RayLLM Deployment Options

This guide covers the different methods of deploying RayLLM on Anyscale, including

Deploy within a workspace

note

RayLLM apps deployed with this method cannot be queried from outside of the workspace. This includes the Playground. This method is for quick iteration and testing.

This method lets you run and query RayLLM on a workspace.
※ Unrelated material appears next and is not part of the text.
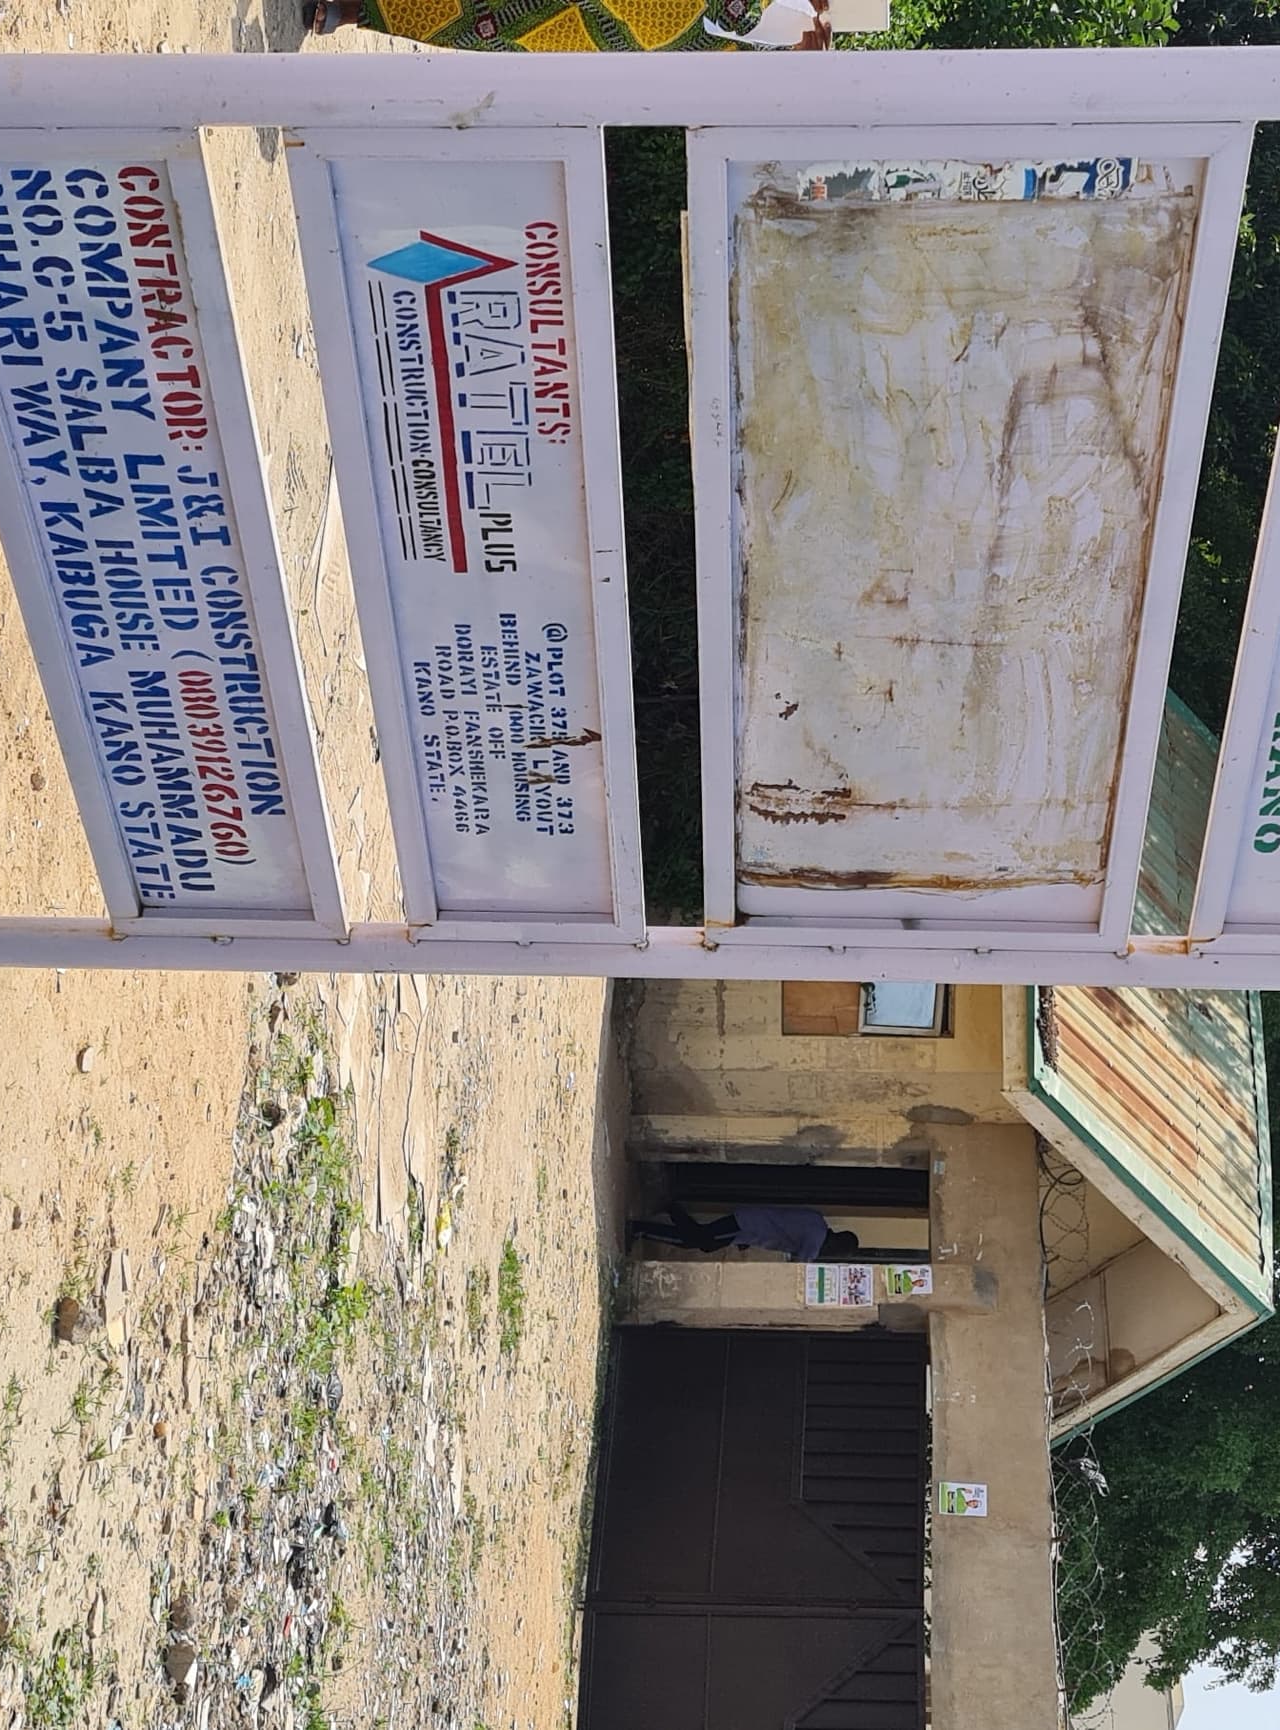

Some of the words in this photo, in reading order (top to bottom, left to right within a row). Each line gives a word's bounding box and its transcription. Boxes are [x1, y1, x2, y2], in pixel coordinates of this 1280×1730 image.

Use this method for development, testing, and quick iteration on your model with different configurations. You must have access to the Deploy LLM workspace template.

This template creates a workspace with the latest version of RayLLM installed. Use the rayllm gen-config interactive CLI to generate the config files for your desired models. You can also manually create the config files from scratch by following the [RayLLM] API and Services documentation.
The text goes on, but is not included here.